Теперь он объяснил, что значит «перейти»: здесь нет ничего опасного при одном условии — что, получив новый паспорт со всеми необходимыми записями в нем, я тут же отделаюсь от старого…
— Я укажу, где тебе следует поселиться. Но только— на короткий срок. Потом ты переедешь. И на работу будешь устраиваться по новым документам. А бабушке скажешь, что тебя отправляют обратно, к родителям, что за тобой прислали. Только чтоб она никому не говорила об этом, иначе может тебе навредить… Ты, наверное, перезнакомился тут со всеми?
— Да нет, ведь еще мало времени прошло… Ну, в волейбол играл с ребятами…
— Значит, если про тебя спросят, пусть бабушка скажет, что ты удрал на фронт. А?
— Да, это будет похоже. Тут меня даже подговаривали мальчишки.
— Ну, вот видишь, они подговаривали, а удрал ты…
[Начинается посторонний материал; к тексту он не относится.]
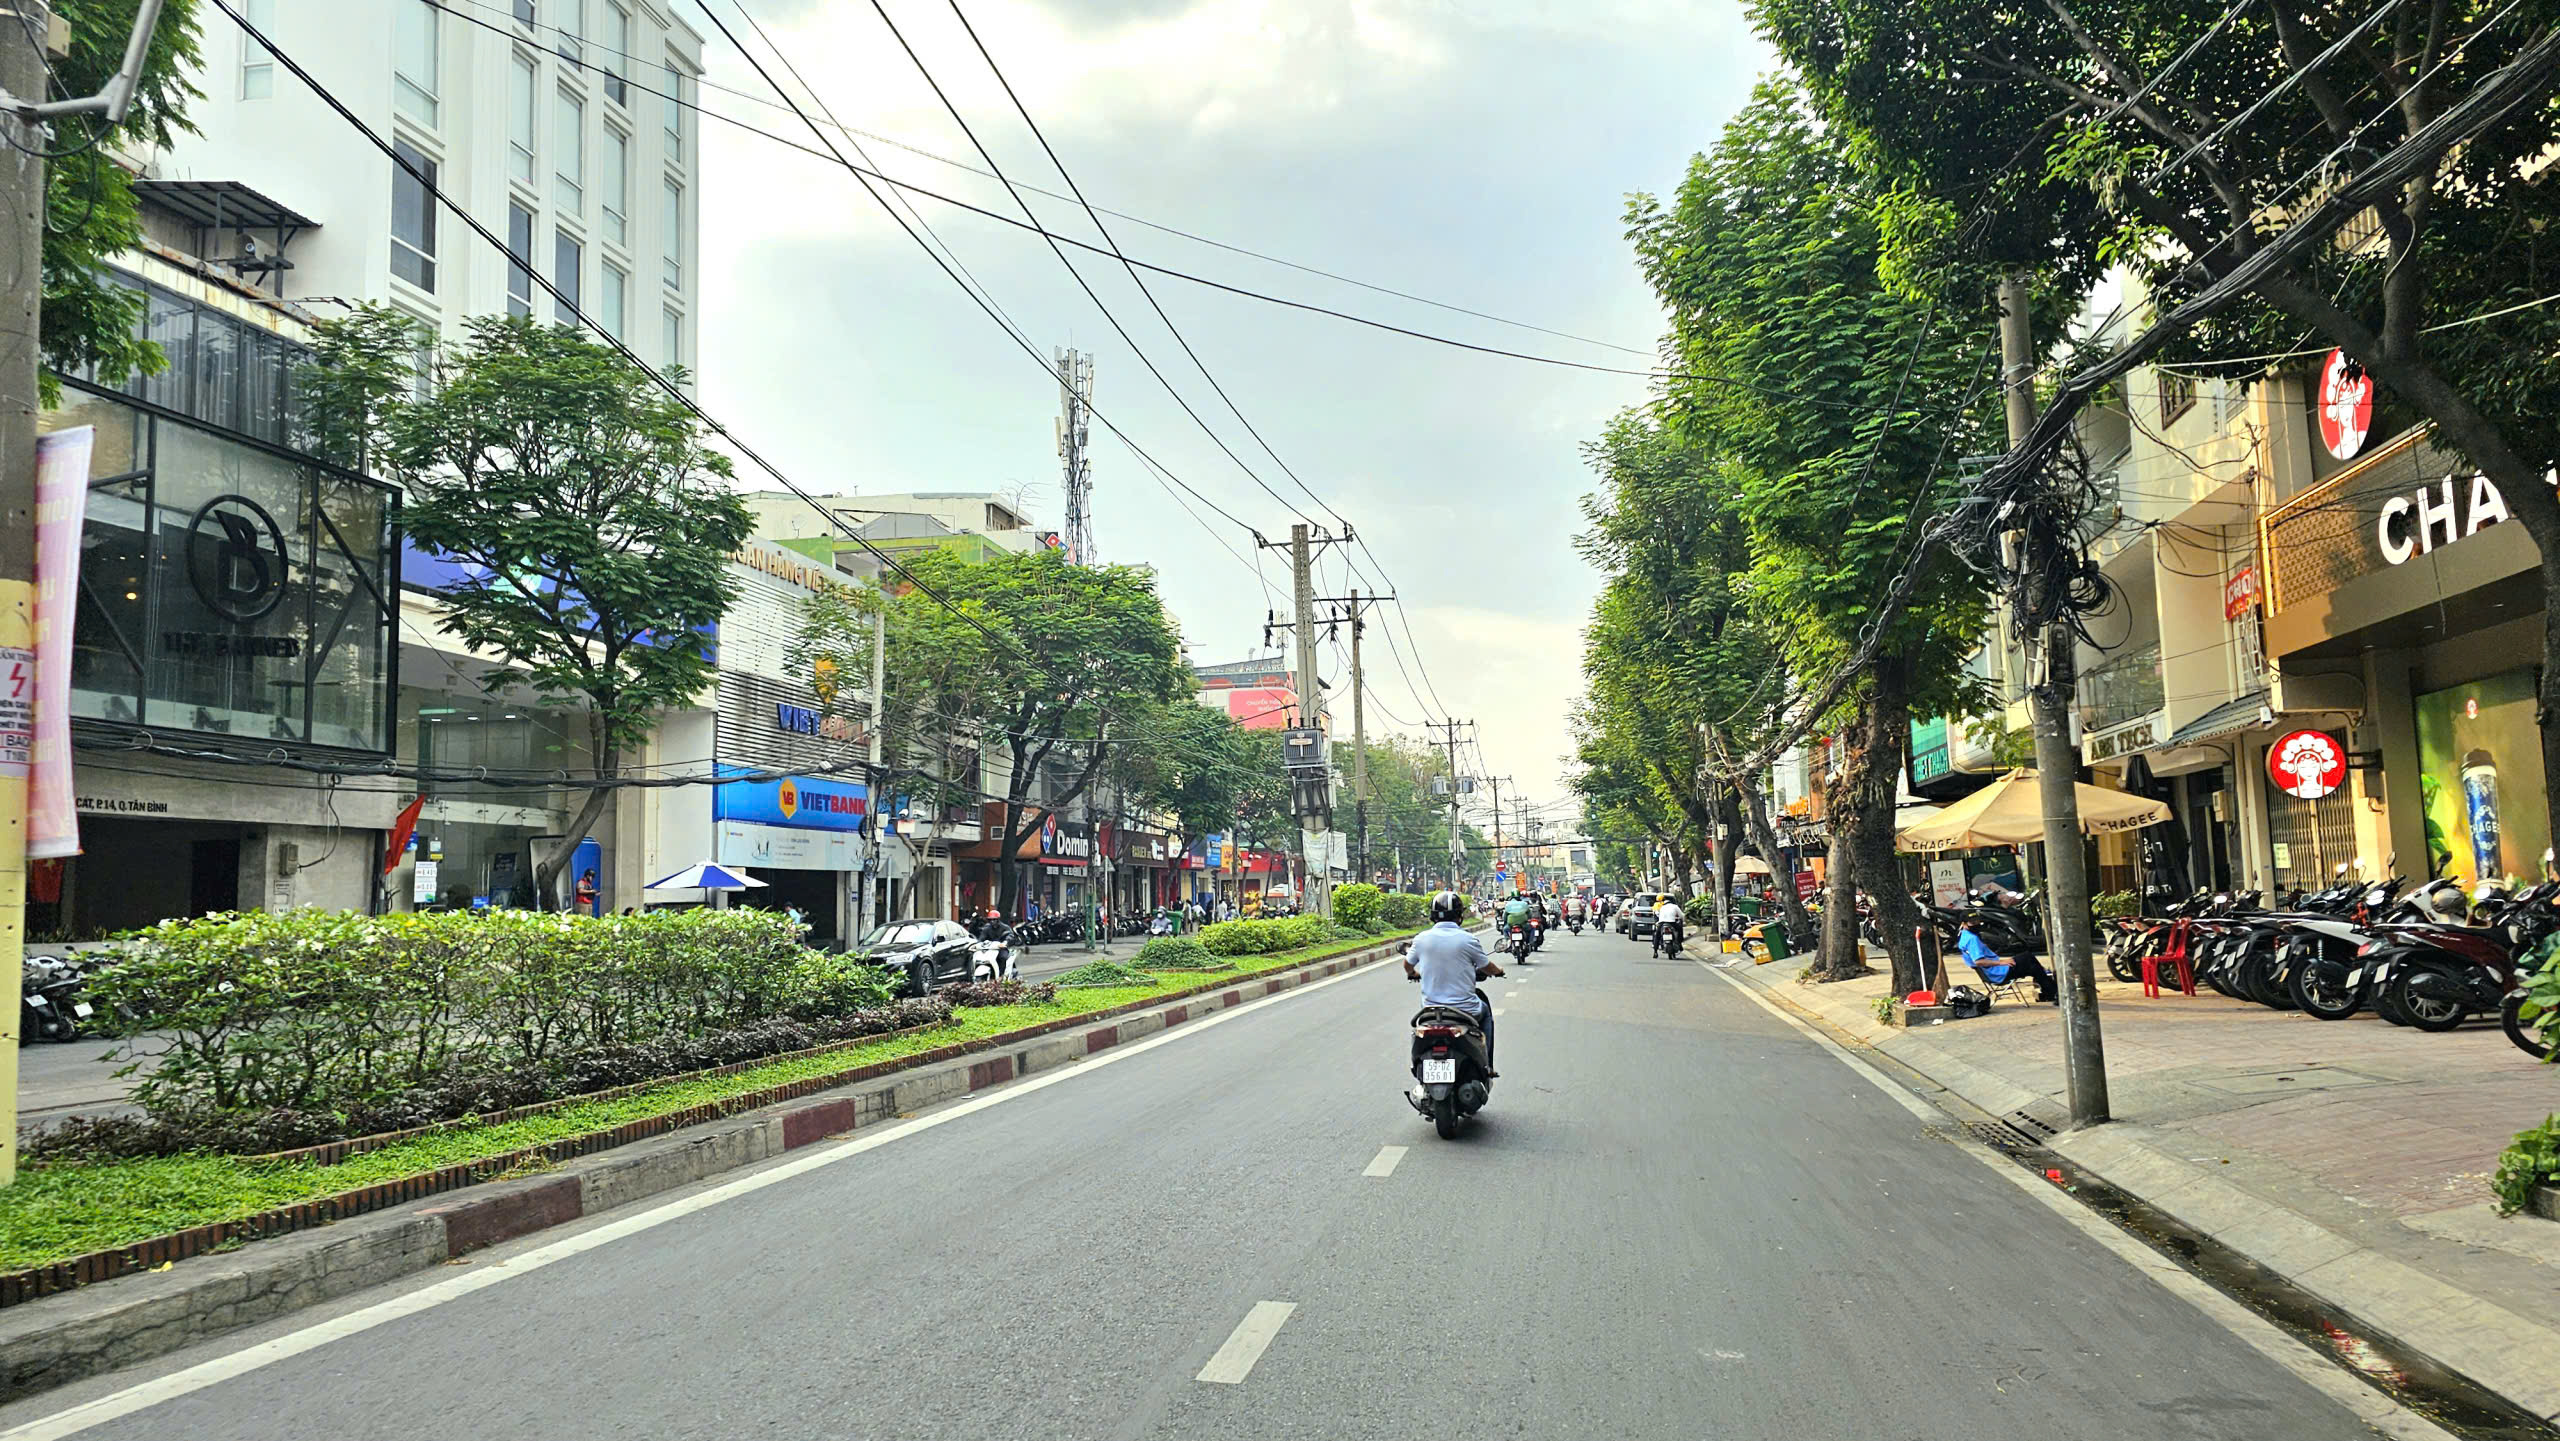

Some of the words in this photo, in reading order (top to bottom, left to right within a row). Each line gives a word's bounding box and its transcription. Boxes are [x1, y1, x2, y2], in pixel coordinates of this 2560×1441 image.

[2378, 469, 2509, 565] CHA
[800, 791, 867, 815] VIETBANK
[1056, 829, 1089, 858] Domin
Роберт говорил так спокойно и весело, прихлебывая пиво, которое просил подогреть, что и я понемногу привыкал к новому положению вещей.
И я был ему благодарен за то, что он так по-деловому, без сантиментов справляется со своим поручением, — не хватало ему еще меня агитировать!
Теперь, когда деловая часть была исчерпана и мы договорились о будущей встрече, я позволил себе, я должен был спросить: а в будущем я тоже буду встречаться с ним? Или с кем-нибудь другим — от наших? И здесь впервые он посмотрел на меня по-иному, по-иному, чем смотрел все время: не то с сожалением, не то со снисхождением к моей наивности, к моей неопытности.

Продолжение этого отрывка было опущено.